Trees play a crucial role in almost all terrestrial ecosystems and provide a range of products and services to rural and urban people. As natural vegetation is cleared for agriculture and other types of development, the benefits that trees provide are best sustained by integrating them into agriculturally productive landscapes — a practice known as agroforestry. During the past 30 years, agroforestry has progressed from a traditional practice with great potential to the point where development experts agree that it provides a science-based means of achieving key objectives in natural resource management and poverty alleviation. Although smallholder families practise agroforestry widely, awareness about its potential and ability to benefit people trapped in poverty is inadequate. To achieve the Millennium Development Goals, a global transformation is needed that mobilizes resources and removes socio-economic, ecological, and policy constraints leading to the widespread application of agroforestry. The World Agroforestry Centre and its partners, building on three decades of work with smallholder farmers in Africa, Asia and Latin America, and strategic alliances with advanced laboratories, national research institutions, universities and non governmental organizations, are poised to foster such an ‘agroforestry transformation’ in the developing world.
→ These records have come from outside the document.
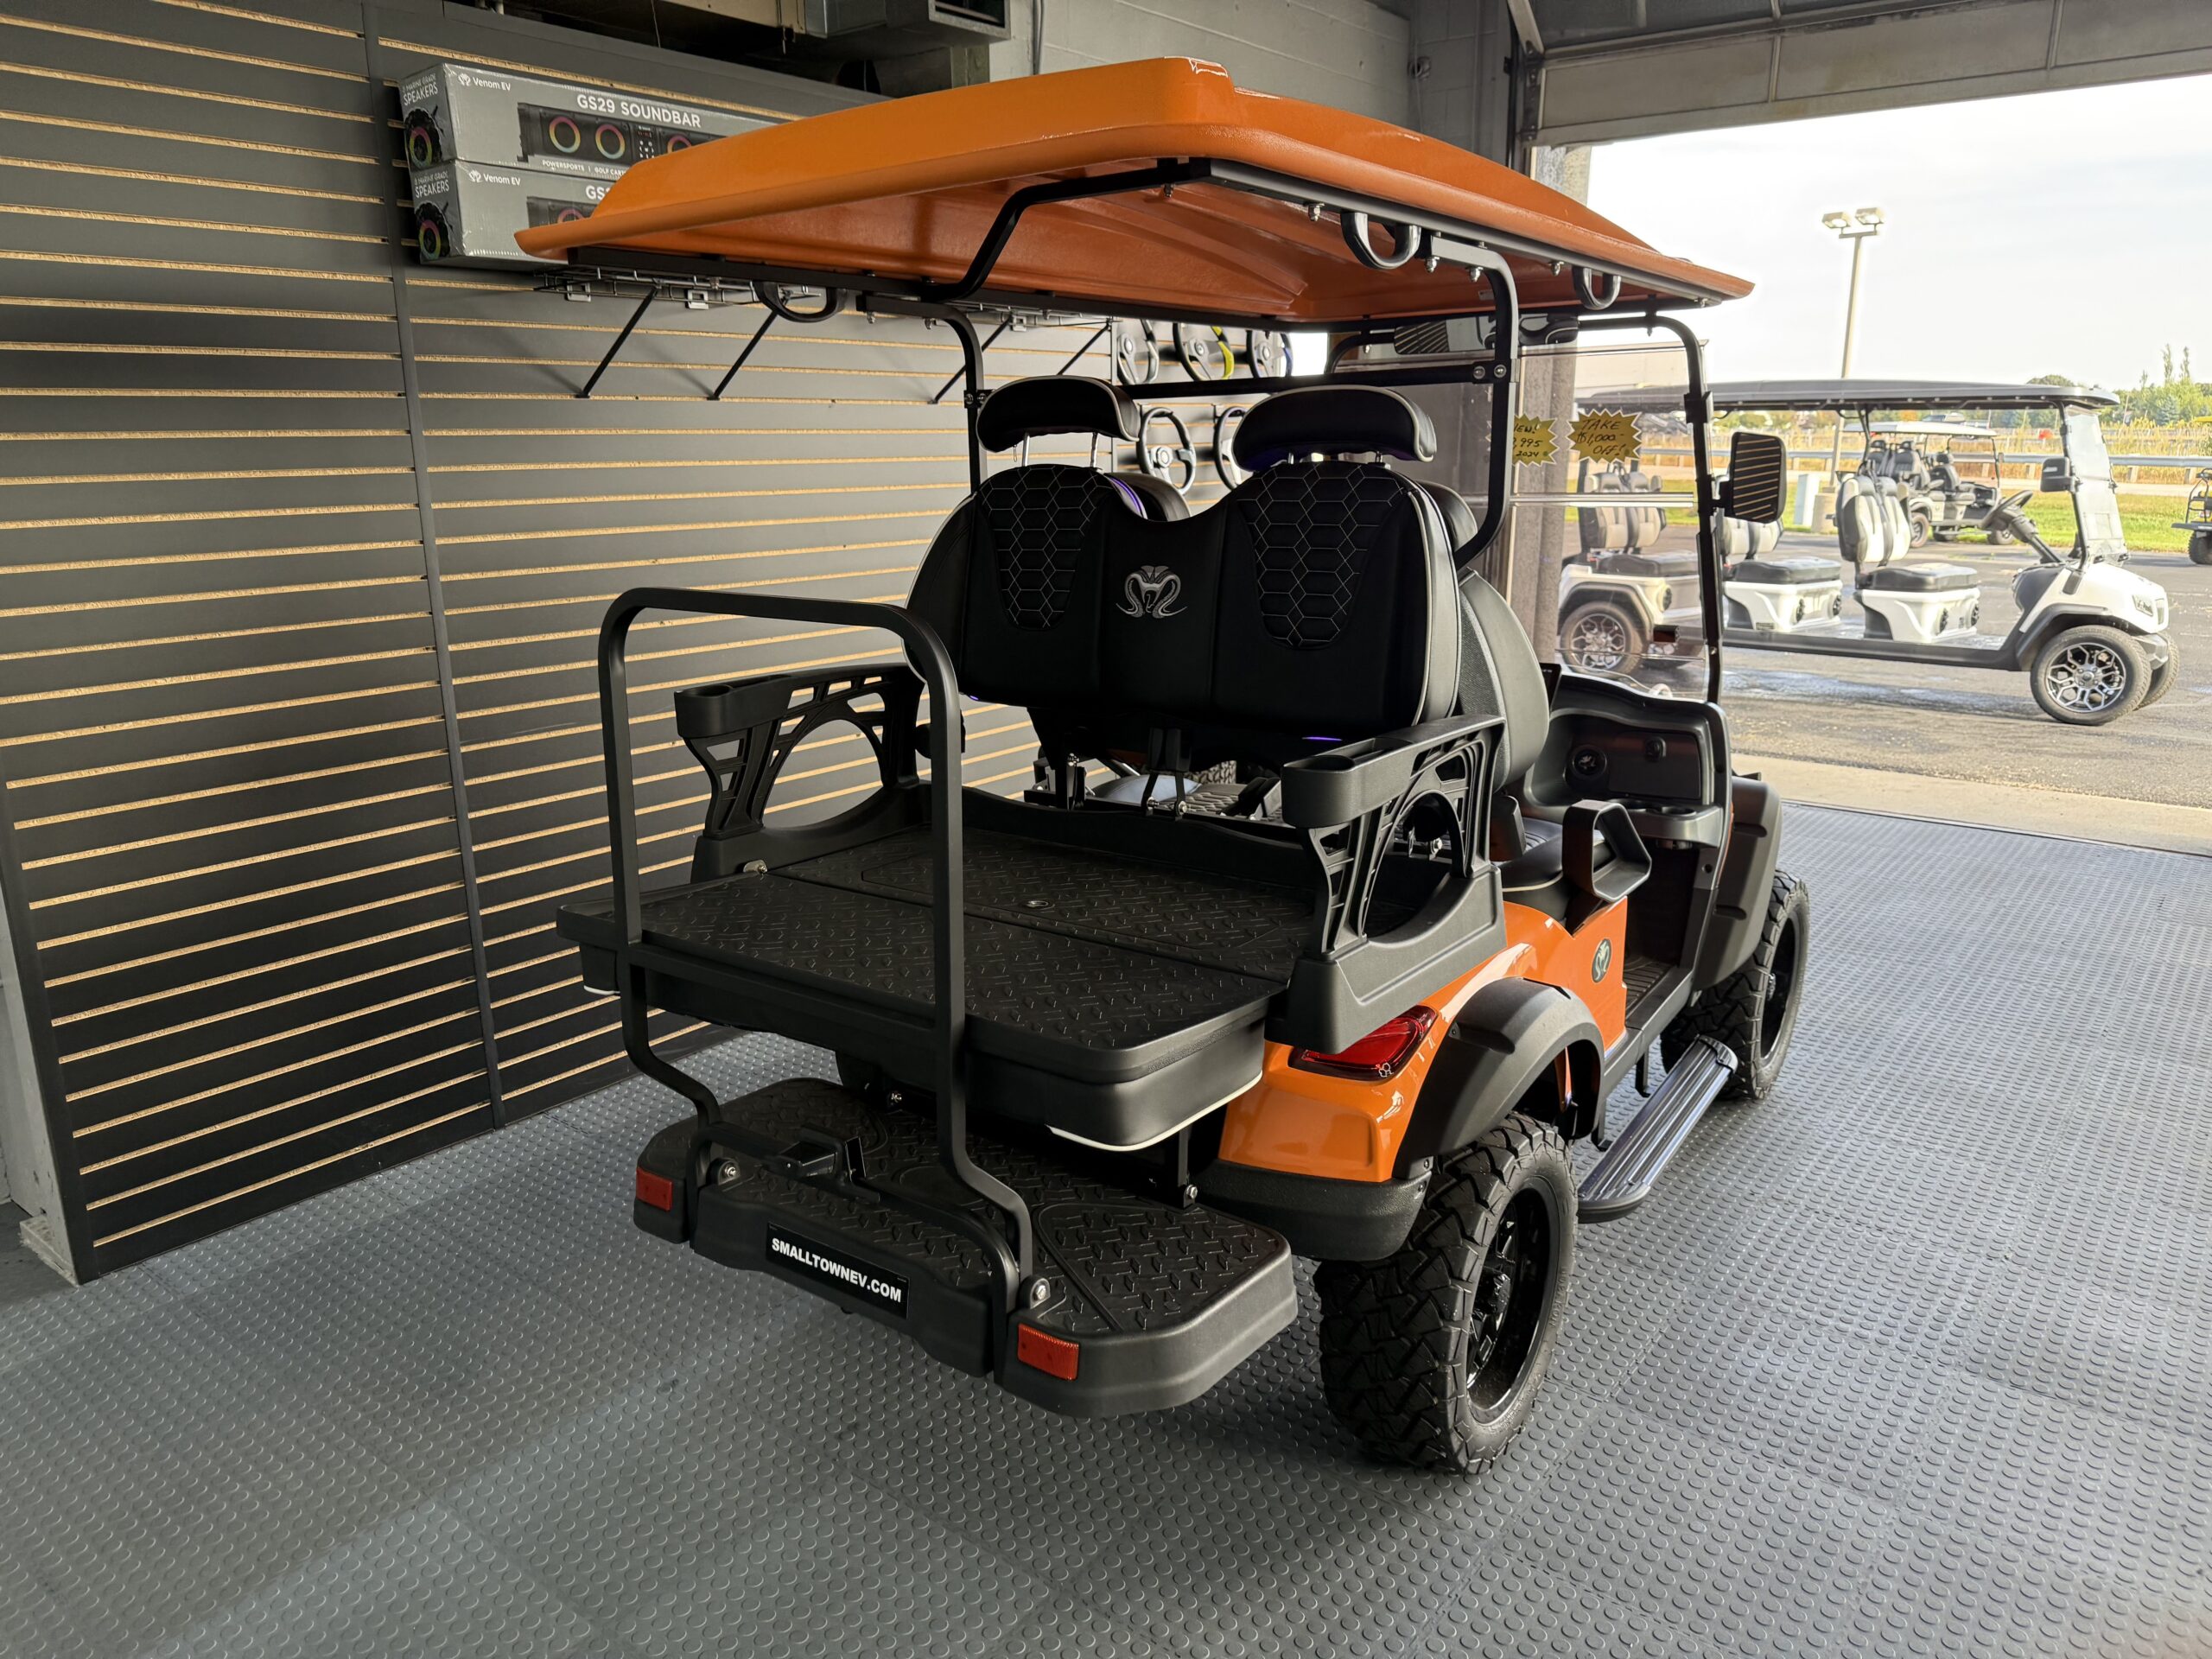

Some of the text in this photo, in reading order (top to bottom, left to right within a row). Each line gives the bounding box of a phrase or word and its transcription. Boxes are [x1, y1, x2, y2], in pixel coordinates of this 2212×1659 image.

[473, 77, 512, 92] Venom EV
[404, 82, 438, 105] SPEAKERS
[576, 94, 702, 129] GS29 SOUNDBAR
[542, 160, 585, 172] POWERSPORTS
[484, 174, 521, 186] Venom EV
[415, 179, 449, 199] SPEAKERS
[585, 185, 610, 200] GS
[1581, 418, 1621, 430] TAKE
[1592, 443, 1626, 456] OFF!
[772, 1237, 902, 1303] SMALLTOWNEV.COM
This ‘agroforestry transformation’ involves a future in which millions of poor farming households have access to portfolios of adapted and productive tree enterprises that improve their livelihoods in a holistic way. Underpinning this transformation is the imperative of accelerated scientific research to ensure a stream of necessary technical, policy and institutional innovations. The Centre has identified the following seven key global challenges, related to the Millennium Development Goals, to which it will contribute:

  • Help eradicate hunger through basic systems of pro-poor food production in disadvantaged areas based on agroforestry methods of soil fertility replenishment and land regeneration;
  • Reduce rural poverty through market-driven, locally led tree cultivation systems that generate income and build assets;
  • Advance the health and nutrition of the rural poor through agroforestry systems;
  • Conserve biodiversity through integrated conservation and development solutions based on agroforestry technologies, innovative institutions and better policies;
  • Protect watershed services through agroforestry-based solutions that reward the poor for their provision;
  • Enable the rural poor to adapt to climate change and to benefit from emerging carbon markets, through tree cultivation; and
  • Build human and institutional capacity in agroforestry research and development.